### Exercise
Although pictures appear in the records, the copy must leave them out and match everything else exactly.

### Given data

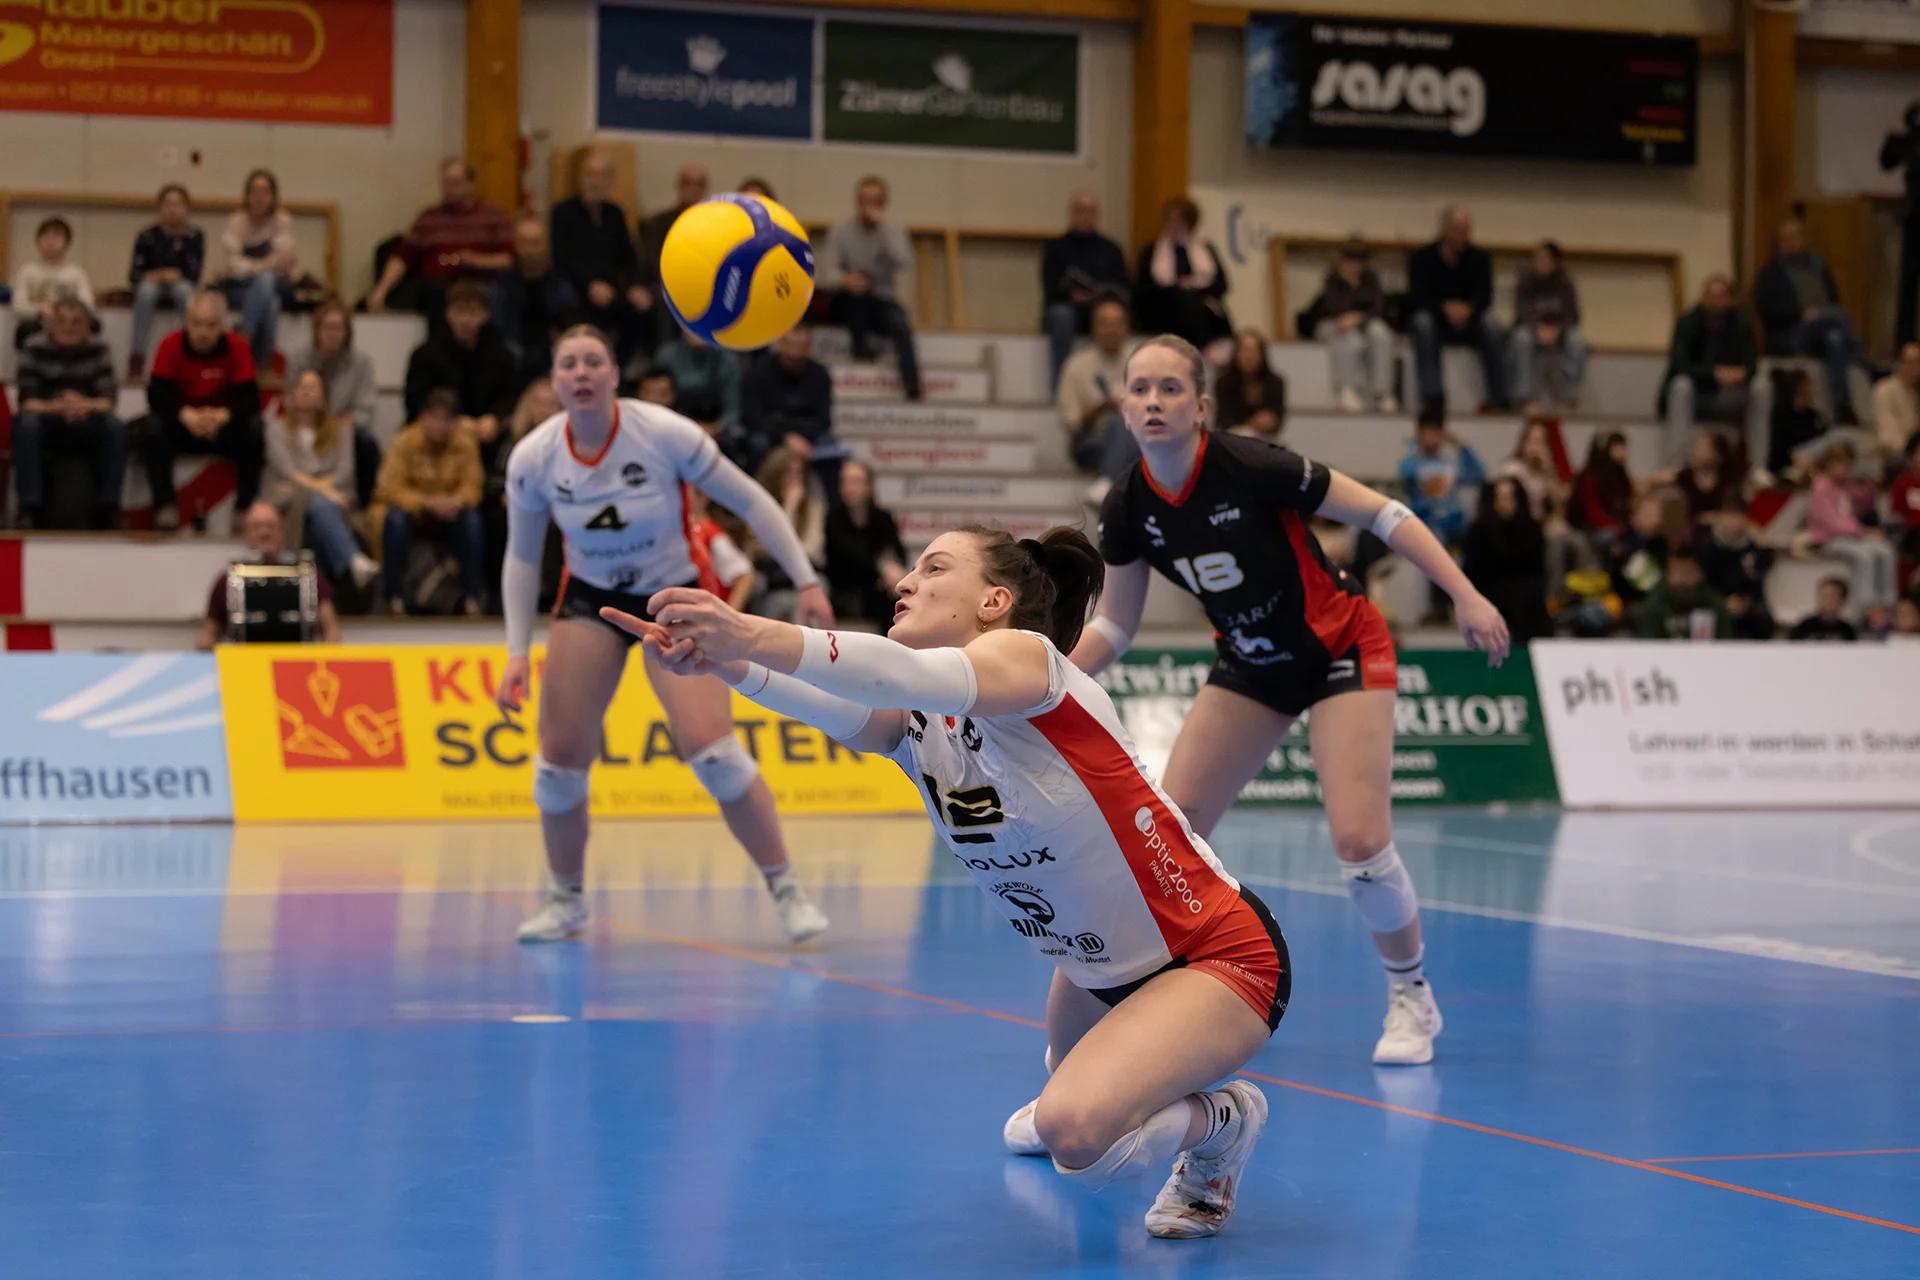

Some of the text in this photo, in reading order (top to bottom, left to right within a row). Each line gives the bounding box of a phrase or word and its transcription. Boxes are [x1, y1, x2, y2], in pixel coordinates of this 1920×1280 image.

[584, 503, 630, 532] 4
[1172, 551, 1245, 594] 18
[1134, 805, 1203, 914] Optic2000
[1148, 859, 1175, 898] PARATTE

### Answer to this exercise
Some of the text in this photo, in reading order (top to bottom, left to right within a row). Each line gives the bounding box of a phrase or word and its transcription. Boxes are [x1, y1, x2, y2], in pixel coordinates of this 1920×1280 image.

[584, 503, 630, 532] 4
[1172, 551, 1245, 594] 18
[1134, 805, 1203, 914] Optic2000
[1148, 859, 1175, 898] PARATTE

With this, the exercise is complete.